**ENTRIES SHOWN:**
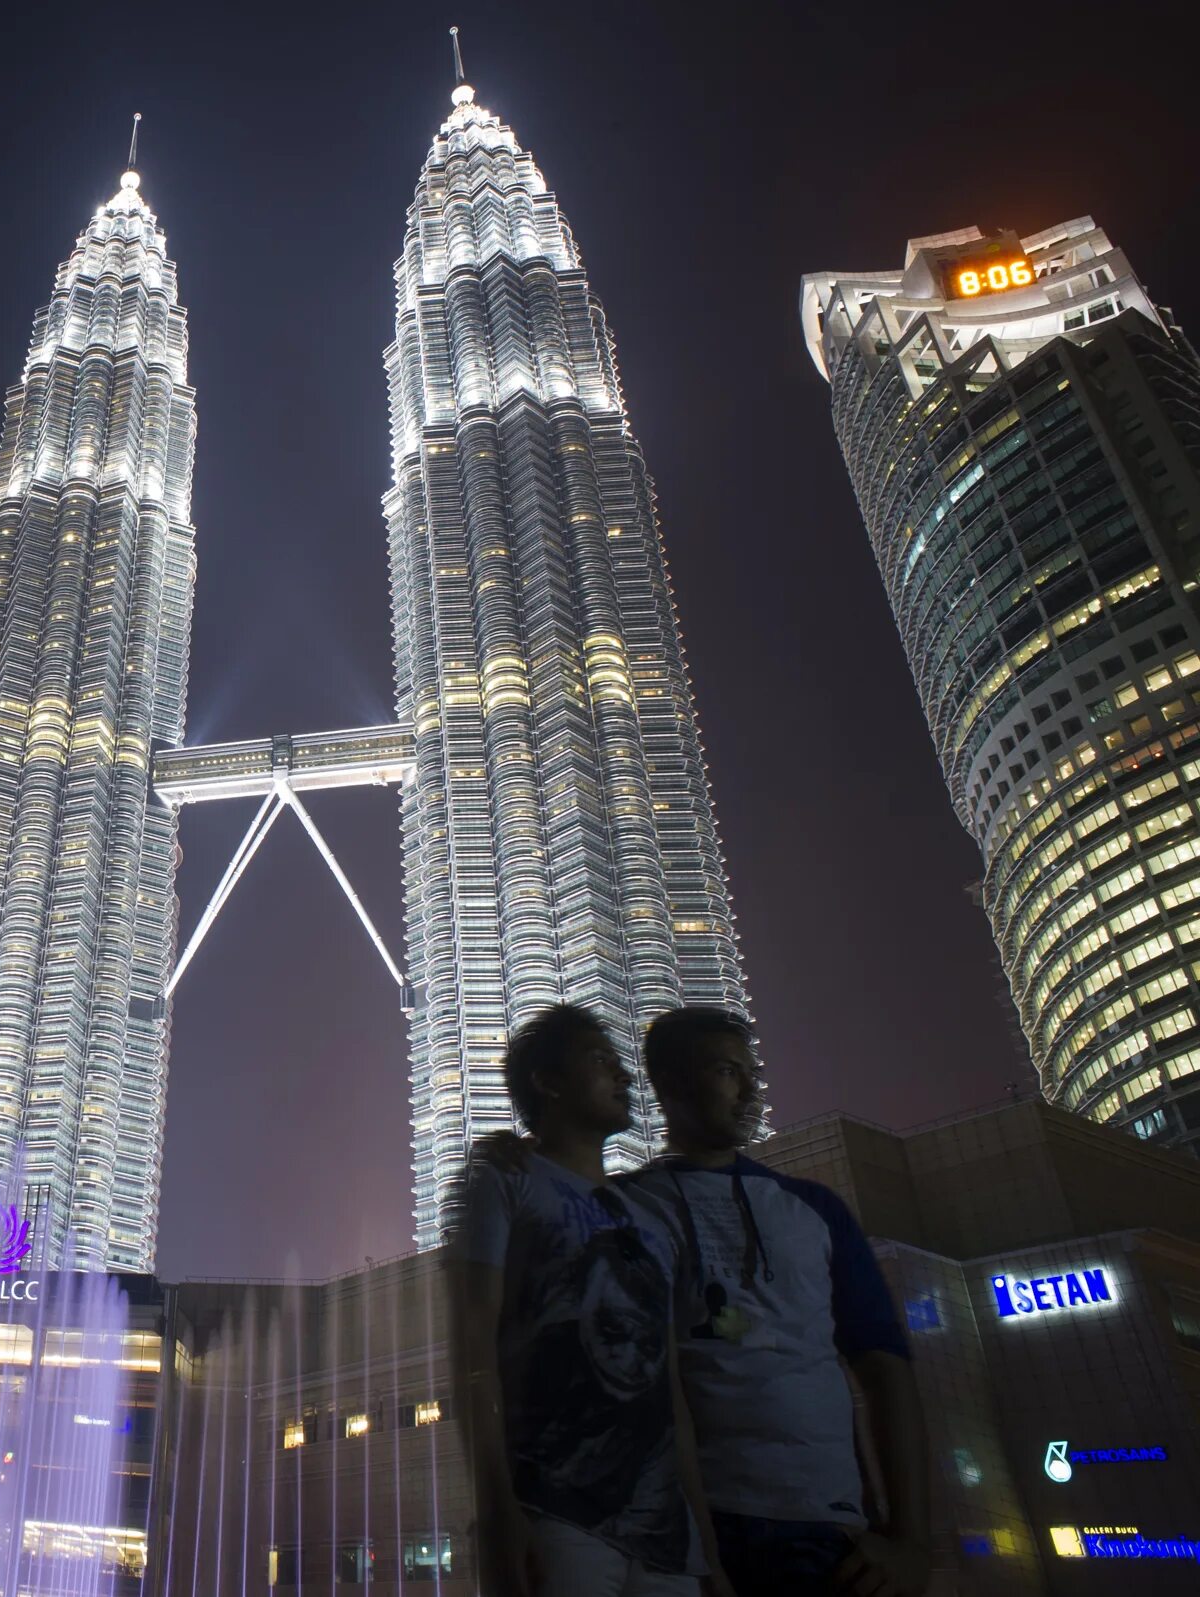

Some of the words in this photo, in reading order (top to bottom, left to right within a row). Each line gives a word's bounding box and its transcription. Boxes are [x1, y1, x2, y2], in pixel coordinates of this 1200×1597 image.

[959, 260, 1032, 296] 8:06
[1069, 1446, 1168, 1464] PETROSAINS
[1083, 1527, 1114, 1535] GALERI
[1115, 1526, 1139, 1535] BUKU

**TASK TO COMPLETE:** Reproduce each entry exactly as written, but leave out the images.

**SOLUTION TO THIS PROBLEM:**
Some of the words in this photo, in reading order (top to bottom, left to right within a row). Each line gives a word's bounding box and its transcription. Boxes are [x1, y1, x2, y2], in pixel coordinates of this 1200×1597 image.

[959, 260, 1032, 296] 8:06
[1069, 1446, 1168, 1464] PETROSAINS
[1083, 1527, 1114, 1535] GALERI
[1115, 1526, 1139, 1535] BUKU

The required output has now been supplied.